I am so excited to feature the amazing Geri Alicea of Womb Prep in a special guest series all month long about, yep, you read that right … SEX!! Hold onto your seats because this is gonna be good!
Haven’t read the first post, yet? Click here.
Boring Sex? No Thank You!
Sex should be a lot of things – passionate, spontaneous, exhilarating, hot, flirty. But it should NEVER, ever be boring!
There’s this myth that married sex for Christian couples has to equate to boring sex. And this just isn’t true.
The reality is that sex is what you make it. So it can be as hot and passionate or as dull and boring as you (and your spouse) want it to be.
Boredom during sex usually comes from one of two things:
- A lack of communication of what each other needs.
- An unwillingness to give what the other person desires.

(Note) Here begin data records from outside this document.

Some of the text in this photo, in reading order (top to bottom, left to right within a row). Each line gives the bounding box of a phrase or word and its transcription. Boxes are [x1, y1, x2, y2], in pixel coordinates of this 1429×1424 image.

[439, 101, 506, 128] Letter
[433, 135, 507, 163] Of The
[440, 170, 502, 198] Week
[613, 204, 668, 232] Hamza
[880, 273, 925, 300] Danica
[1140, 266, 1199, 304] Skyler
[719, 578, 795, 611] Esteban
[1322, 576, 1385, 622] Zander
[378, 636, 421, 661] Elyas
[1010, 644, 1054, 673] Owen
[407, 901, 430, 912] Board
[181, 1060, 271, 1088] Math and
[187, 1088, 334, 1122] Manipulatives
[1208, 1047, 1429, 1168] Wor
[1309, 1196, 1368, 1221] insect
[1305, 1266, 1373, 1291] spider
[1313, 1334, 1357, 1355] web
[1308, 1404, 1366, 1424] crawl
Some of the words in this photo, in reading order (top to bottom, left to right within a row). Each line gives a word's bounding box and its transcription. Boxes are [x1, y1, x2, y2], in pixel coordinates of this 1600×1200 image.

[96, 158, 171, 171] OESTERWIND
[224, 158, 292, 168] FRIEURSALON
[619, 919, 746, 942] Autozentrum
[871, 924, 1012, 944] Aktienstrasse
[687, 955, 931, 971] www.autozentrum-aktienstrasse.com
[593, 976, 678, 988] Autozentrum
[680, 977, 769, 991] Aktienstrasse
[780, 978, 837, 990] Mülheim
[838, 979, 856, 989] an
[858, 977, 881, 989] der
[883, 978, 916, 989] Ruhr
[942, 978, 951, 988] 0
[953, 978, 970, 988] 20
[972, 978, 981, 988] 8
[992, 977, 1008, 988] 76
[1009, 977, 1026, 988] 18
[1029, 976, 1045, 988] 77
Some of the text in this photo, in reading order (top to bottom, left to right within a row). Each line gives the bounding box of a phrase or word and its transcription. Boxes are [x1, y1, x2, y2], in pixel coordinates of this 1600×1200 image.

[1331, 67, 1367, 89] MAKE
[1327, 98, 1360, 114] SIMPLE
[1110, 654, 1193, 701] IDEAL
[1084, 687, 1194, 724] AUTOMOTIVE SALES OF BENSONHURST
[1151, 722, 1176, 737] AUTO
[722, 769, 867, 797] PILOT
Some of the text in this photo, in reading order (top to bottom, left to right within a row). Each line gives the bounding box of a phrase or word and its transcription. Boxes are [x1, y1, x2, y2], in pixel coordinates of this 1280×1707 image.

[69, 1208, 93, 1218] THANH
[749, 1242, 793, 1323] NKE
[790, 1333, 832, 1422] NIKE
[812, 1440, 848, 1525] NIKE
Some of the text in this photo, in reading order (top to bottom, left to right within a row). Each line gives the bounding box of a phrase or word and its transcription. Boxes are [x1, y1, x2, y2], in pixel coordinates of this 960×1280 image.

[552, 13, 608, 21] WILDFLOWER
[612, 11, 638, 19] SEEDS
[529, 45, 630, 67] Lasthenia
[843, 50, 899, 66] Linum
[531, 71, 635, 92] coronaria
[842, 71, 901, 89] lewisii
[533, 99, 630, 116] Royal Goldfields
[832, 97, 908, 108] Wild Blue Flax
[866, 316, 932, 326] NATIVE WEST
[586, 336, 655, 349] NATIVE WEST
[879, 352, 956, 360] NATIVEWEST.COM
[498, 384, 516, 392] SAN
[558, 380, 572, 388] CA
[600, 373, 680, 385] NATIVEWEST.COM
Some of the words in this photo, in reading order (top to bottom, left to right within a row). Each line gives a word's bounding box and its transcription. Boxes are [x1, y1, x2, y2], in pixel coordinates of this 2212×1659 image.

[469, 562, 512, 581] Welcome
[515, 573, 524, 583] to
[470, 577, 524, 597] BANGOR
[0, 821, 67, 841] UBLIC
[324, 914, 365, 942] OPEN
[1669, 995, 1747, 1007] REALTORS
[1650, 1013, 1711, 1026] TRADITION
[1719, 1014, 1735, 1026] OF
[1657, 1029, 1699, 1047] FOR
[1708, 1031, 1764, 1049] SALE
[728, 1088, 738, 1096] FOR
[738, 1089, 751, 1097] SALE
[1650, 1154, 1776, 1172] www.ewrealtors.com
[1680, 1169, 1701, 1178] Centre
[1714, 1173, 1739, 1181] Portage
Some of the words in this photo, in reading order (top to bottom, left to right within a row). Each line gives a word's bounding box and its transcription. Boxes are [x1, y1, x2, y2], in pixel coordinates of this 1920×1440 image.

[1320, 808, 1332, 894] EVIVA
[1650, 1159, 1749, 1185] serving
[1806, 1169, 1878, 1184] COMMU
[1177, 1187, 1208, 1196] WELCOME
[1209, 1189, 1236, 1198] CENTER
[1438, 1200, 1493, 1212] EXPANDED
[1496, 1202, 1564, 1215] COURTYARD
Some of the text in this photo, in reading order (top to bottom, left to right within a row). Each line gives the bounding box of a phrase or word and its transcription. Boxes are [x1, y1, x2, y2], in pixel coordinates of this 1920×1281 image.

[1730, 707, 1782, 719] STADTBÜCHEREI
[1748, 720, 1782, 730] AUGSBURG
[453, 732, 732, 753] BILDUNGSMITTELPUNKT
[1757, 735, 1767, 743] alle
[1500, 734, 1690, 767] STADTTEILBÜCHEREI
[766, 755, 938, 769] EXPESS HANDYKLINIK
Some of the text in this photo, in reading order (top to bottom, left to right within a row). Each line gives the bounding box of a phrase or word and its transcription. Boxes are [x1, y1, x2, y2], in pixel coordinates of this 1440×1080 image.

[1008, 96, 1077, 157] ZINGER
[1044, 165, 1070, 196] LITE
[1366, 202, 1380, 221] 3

As married couples it’s easy to think that you automatically know what your spouse wants or needs in the bedroom. But the truth is that you’ve changed, your spouse has changed, both of your bodies have changed; so there’s a good chance what you like during sex has changed too. What your spouse liked at 25 when you first got married may be a little different now at 35 or 45. The key is to have a candid conversation and find out what your spouse needs from you during sex. Now this conversation will undoubtedly be a bit awkward and you will have to be willing to truly listen and later incorporate what was mentioned. But I would rather you endure a few minutes of awkwardness rather than continue down a road of sexual boredom.
Sex is a game of give and take – you’re giving your spouse what they need and simultaneously taking what you need from them.
The issue comes in when both parties begin taking more than they are giving. This results in a selfish mentality of “every man for himself” and no one is truly satisfied afterwards. But the remedy to this is to begin giving more than taking. After you’ve had the conversation about what each other wants and needs during sex, really think about what was expressed. Does your spouse want (more) oral sex? Do they want you to take the initiative sometimes? Do you need to go lingerie shopping? Does your spouse want to try a new position? Whatever has been expressed during that conversation, make a commitment of doing it for your spouse. If there’s something that you’re uncomfortable with doing, if at all possible (and if it doesn’t go against your moral standards) step out of your comfort zone and try it anyway. If you’re adamant on not doing something your spouse has expressed then have a follow up conversation and try to come to a compromise with them.
Communication and generosity are what makes sex fun and exhilarating.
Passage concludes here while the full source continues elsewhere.